Das war Karins Stimme. Die erkennt er, da würde er sich nie
täuschen. Sie hat geweint. Jetzt hört man nur noch ein Schluchzen. Irgendwo in
dem System aus verwirrenden Gängen sitzt sie ganz allein und schluchzt
herzzerreißend. Und es ist ihr egal, ob jemand stirbt.
Jens steht auf. Setzt sich wieder, steht auf, marschiert im Kies auf
und ab, fährt sich mit der Hand durchs Haar, setzt sich wieder hin. Alles ist
so schwierig. Soll er sie suchen? Würde sie das wollen? Nein, bestimmt nicht.
Das würde sie am allerwenigsten auf der ganzen Welt wollen. Jens setzt sich
wieder. Hört die rasselnden Atemzüge. Nein, so geht es nicht. Er steht wieder
auf.
Ganz egal, er kann doch nicht einfach dasitzen und zuhören.
Plötzlich hört er gar kein Schluchzen mehr, dann wieder ist es ganz nah. Haben
die vielleicht, um es besonders kompliziert zu machen, Geräuschtunnel in das
Gängesystem eingebaut? Und verdammt, jetzt hat er vergessen, wo er
hereingekommen ist. Wie soll er je wieder hinausfinden? Mist.

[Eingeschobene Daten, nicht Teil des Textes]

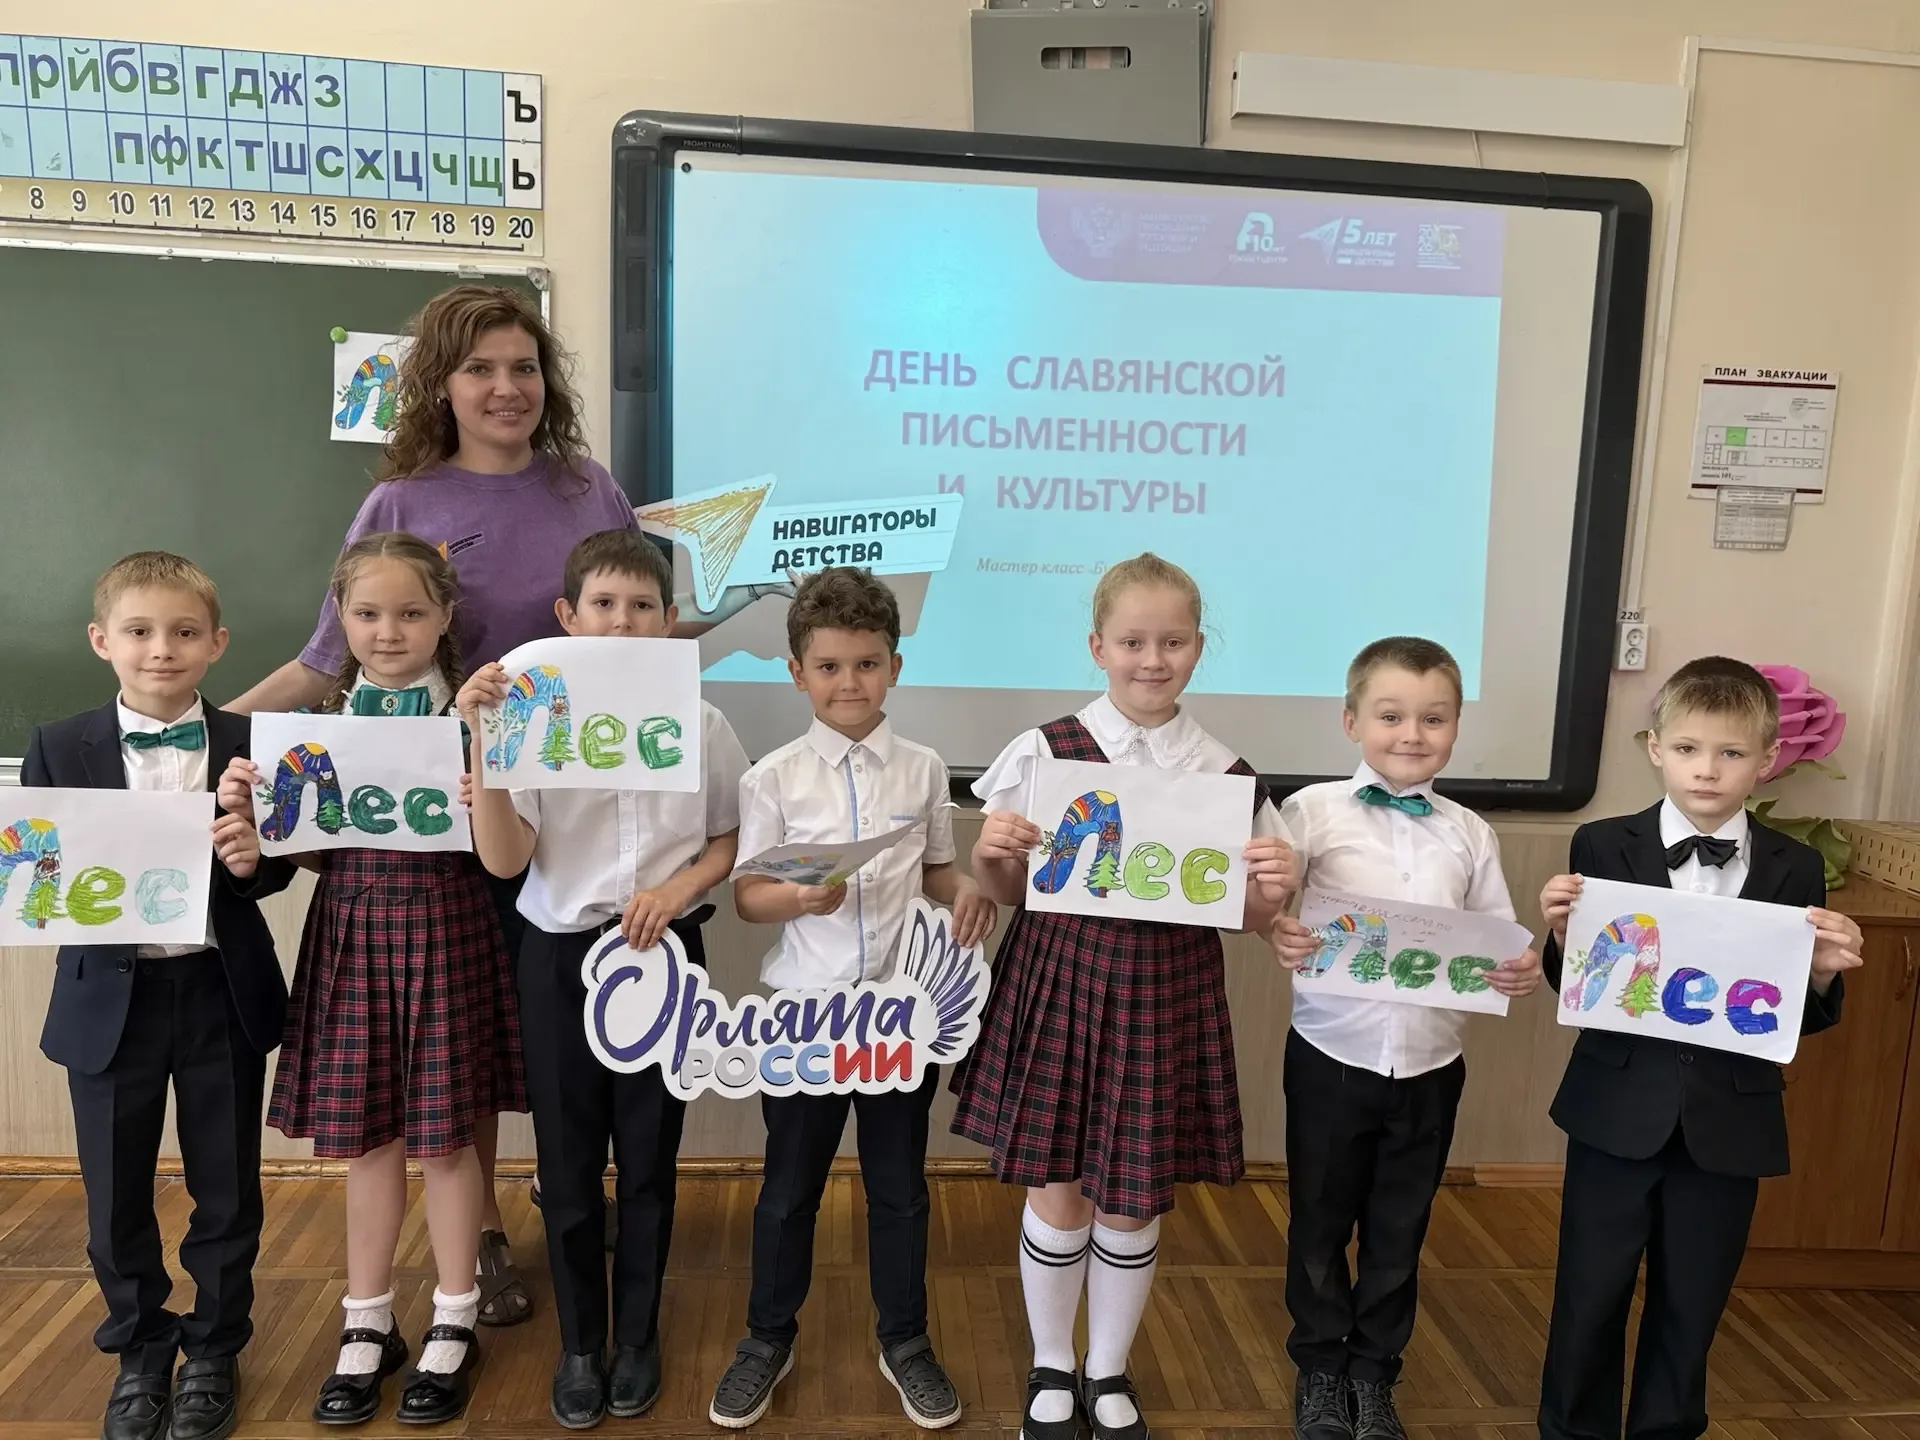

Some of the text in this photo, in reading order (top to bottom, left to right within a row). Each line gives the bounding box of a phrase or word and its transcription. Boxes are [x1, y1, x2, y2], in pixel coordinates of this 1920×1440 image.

[28, 55, 59, 99] р
[67, 48, 100, 92] й
[106, 48, 139, 93] б
[148, 62, 180, 95] в
[196, 66, 219, 99] г
[229, 68, 263, 109] д
[114, 132, 144, 164] п
[151, 125, 187, 175] ф
[683, 139, 733, 149] PROMETHEAN
[30, 187, 534, 239] 8 9 10 11 12 13 14 15 16 17 18 19 20
[1342, 219, 1396, 246] 5 ЛЕТ
[863, 349, 1286, 398] ДЕНЬ СЛАВЯНСКОЙ
[1714, 367, 1828, 382] ПЛАН ЭВАКУАЦИИ
[901, 411, 1247, 457] ПИСЬМЕННОСТИ
[937, 473, 1207, 515] И КУЛЬТУРЫ
[772, 507, 937, 541] НАВИГАТОРЫ
[771, 541, 883, 573] ДЕТСТВА
[976, 557, 1038, 576] Мастер
[1041, 563, 1084, 575] класс
[1620, 611, 1640, 620] 220
[594, 934, 917, 1075] Орлята
[679, 1041, 913, 1090] РОССИИ
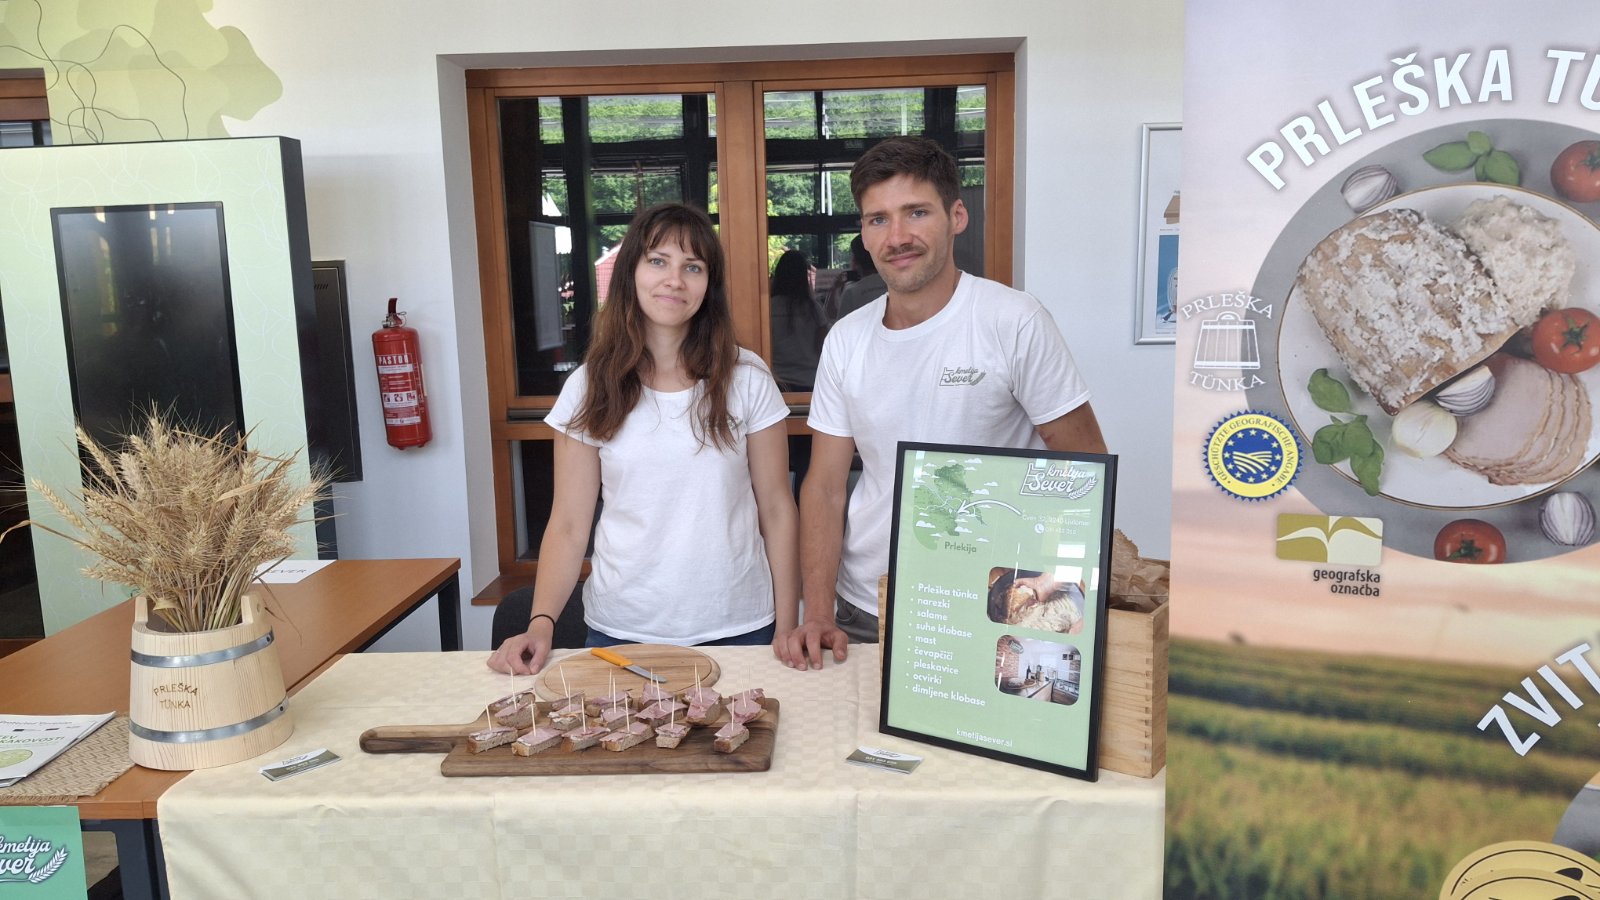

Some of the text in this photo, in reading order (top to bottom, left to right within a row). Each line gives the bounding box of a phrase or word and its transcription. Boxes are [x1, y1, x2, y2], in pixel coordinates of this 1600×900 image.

[1246, 49, 1513, 191] PRLEŠKA
[1181, 290, 1273, 320] PRLEŠKA
[1190, 371, 1267, 391] TÜNKA
[1211, 417, 1295, 484] GESCHÜTZTE GEOGRAFISCHE ANGABE
[1028, 472, 1074, 493] Sever
[944, 541, 977, 554] Prlekija
[1313, 569, 1381, 583] geografska
[918, 583, 951, 597] Prleška
[1330, 584, 1380, 597] označba
[917, 598, 950, 609] narezki
[916, 610, 948, 621] salame
[915, 622, 973, 638] suhe klobase
[915, 635, 937, 645] mast
[913, 659, 959, 675] pleskavice
[912, 672, 942, 685] ocvirki
[153, 682, 198, 697] PRLEŠKA
[912, 684, 986, 706] dimljene klobase
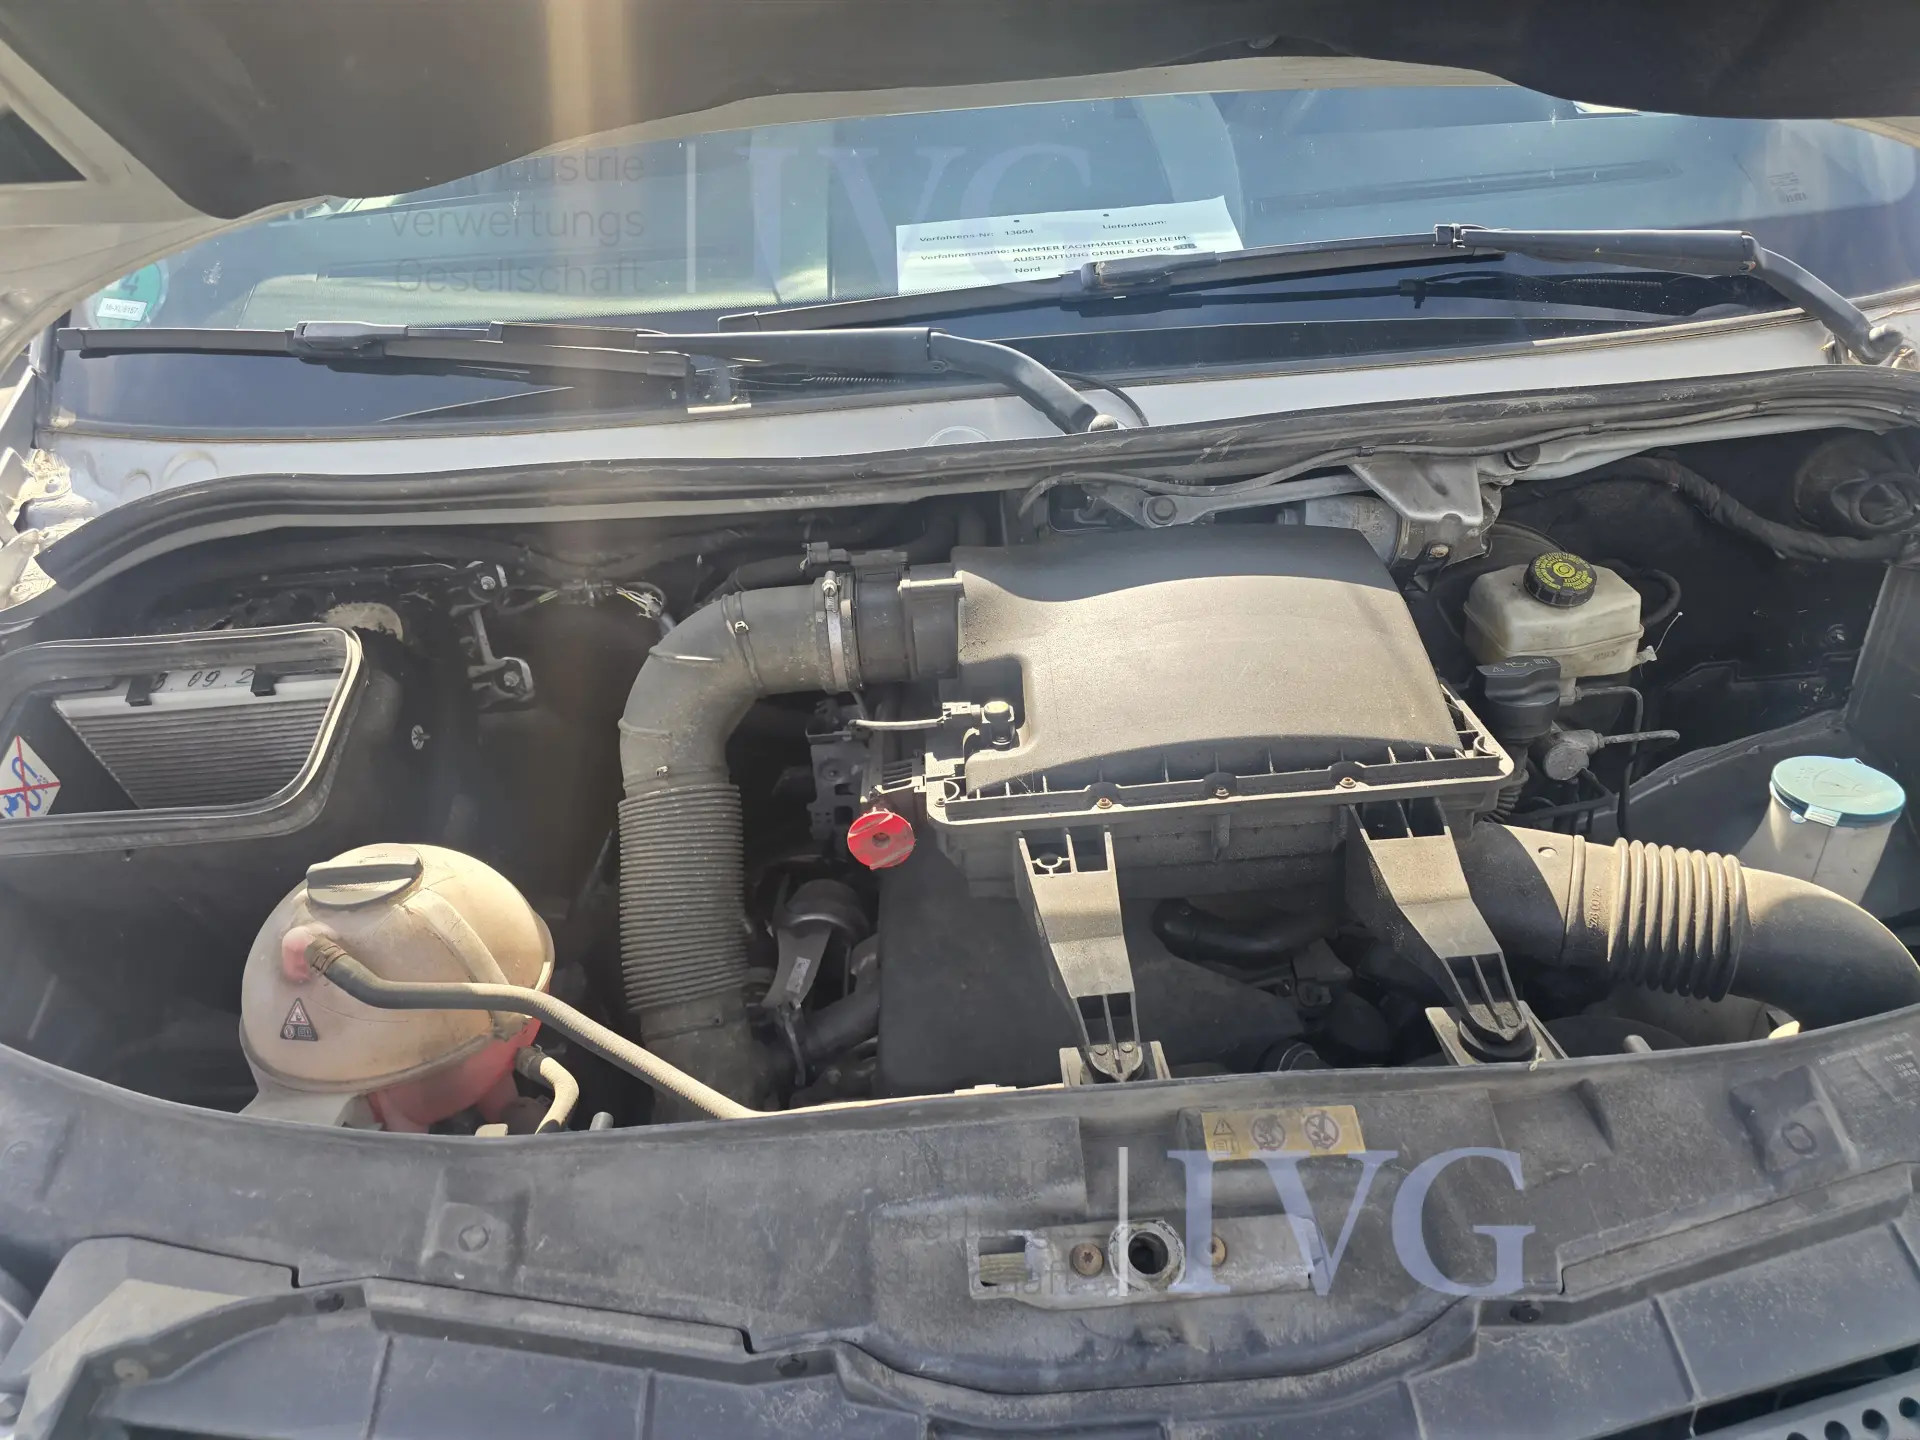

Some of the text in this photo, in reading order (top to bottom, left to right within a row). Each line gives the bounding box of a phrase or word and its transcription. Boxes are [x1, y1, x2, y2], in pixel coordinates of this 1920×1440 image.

[1102, 220, 1167, 229] Lieferdatum:
[1012, 244, 1060, 254] HAMMER
[1061, 239, 1134, 250] FACHMÄRKTE
[1135, 236, 1157, 245] FÜR
[1012, 252, 1089, 262] AUSSTATTUNG
[1091, 249, 1125, 257] GMBH
[1014, 265, 1041, 273] Nord
[121, 273, 139, 296] 4

Das Labyrinth ist im Laufe der Jahre sehr hoch gewachsen, drei Meter
hohe Hainbuchen ragen zum Himmel auf, Jens biegt rechts ab, dann links,
geradeaus, wieder rechts – und da sitzt sie. Karin. Nur im Badeanzug, direkt
auf dem Kies, mit hängendem Kopf. Das Handy liegt auf der Erde. Jens räuspert sich.
»Hallo.«
Karin sieht auf, ohne seinen Gruß zu erwidern. Lässt den Kopf wieder
fallen. Jens macht ein paar vorsichtige Schritte und setzt sich in ungefähr
einem Meter Abstand von Karin hin.
»Verdammt, Jens, was machst du eigentlich hier?«
»Ich bin nur ein bisschen rumspaziert und habe mich an diesem
Labyrinth erfreut und . . .«
»Ach was, du weißt genau, was ich meine. Hier im
Schwimmkurs! «
»Schwimmen lernen . . .«
»Jetzt hör doch auf. Versuch bloß nicht, mich zu verarschen, ja?«
»Was ist passiert?«
»Ja verdammt, was glaubst du denn?«
»Ich dachte nur . . .«
»Bist du eigentlich total bescheuert? Warum solltest du sonst hier
sein? Perennen. Ja, das hätte man sich ja denken können.«
»Du siehst gut aus. Du hast schöne Kleider und schöne Haare.
Superschön. Wirklich.«
»Erstaunt dich das, oder was?«
»Ich fand dich schon immer schön.«
»Ja, danke, das weiß ich. Dass du das fandest.«
Jens verstummt und denkt nach. Karins Handy klingelt wieder.
»Nein, ich werde nicht rangehen«, sagt sie. »Und rede über diese
Sache hier gefälligst nicht mit den anderen. Du hältst die Klappe, klar?«
»Okay.«
Karin lässt den Kopf wieder hängen. Das Handy klingelt pausenlos.
Jens weiß nicht so recht, was er tun soll.
»Du weißt ja . . . na ja . . . trotz allem kannst du mit mir reden,
wenn du es brauchst.«
»Natürlich weiß ich das, verdammt. Jetzt komm bloß nicht an und gib
hier den Psychologen.«
»So habe ich das nicht gemeint.«
»Was meinst du dann, Jens? Das wüsste ich wirklich gern. Ich komme
hierher, um schwimmen zu lernen und eine tolle Reportage über diese Insel und
Pelle zu machen. Aber du? Warum bist du hier? Was? Ich hätte niemals hierherfahren
sollen. Ich wusste es. Ich wusste es! «
Das Handy hört auf zu klingeln. Jens steht auf und klopft vorsichtig
seine Badehose ab.
»Ich lass dich ja schon in Ruhe.«
Alex joggt auf der Stelle, um in Gang zu kommen. Auf und
ab, vor und zurück, Arme strecken. Dann nimmt er die schöne Strecke, die am
Schloss beginnt, erst durch die Wiesen führt und dann am Wasser entlang.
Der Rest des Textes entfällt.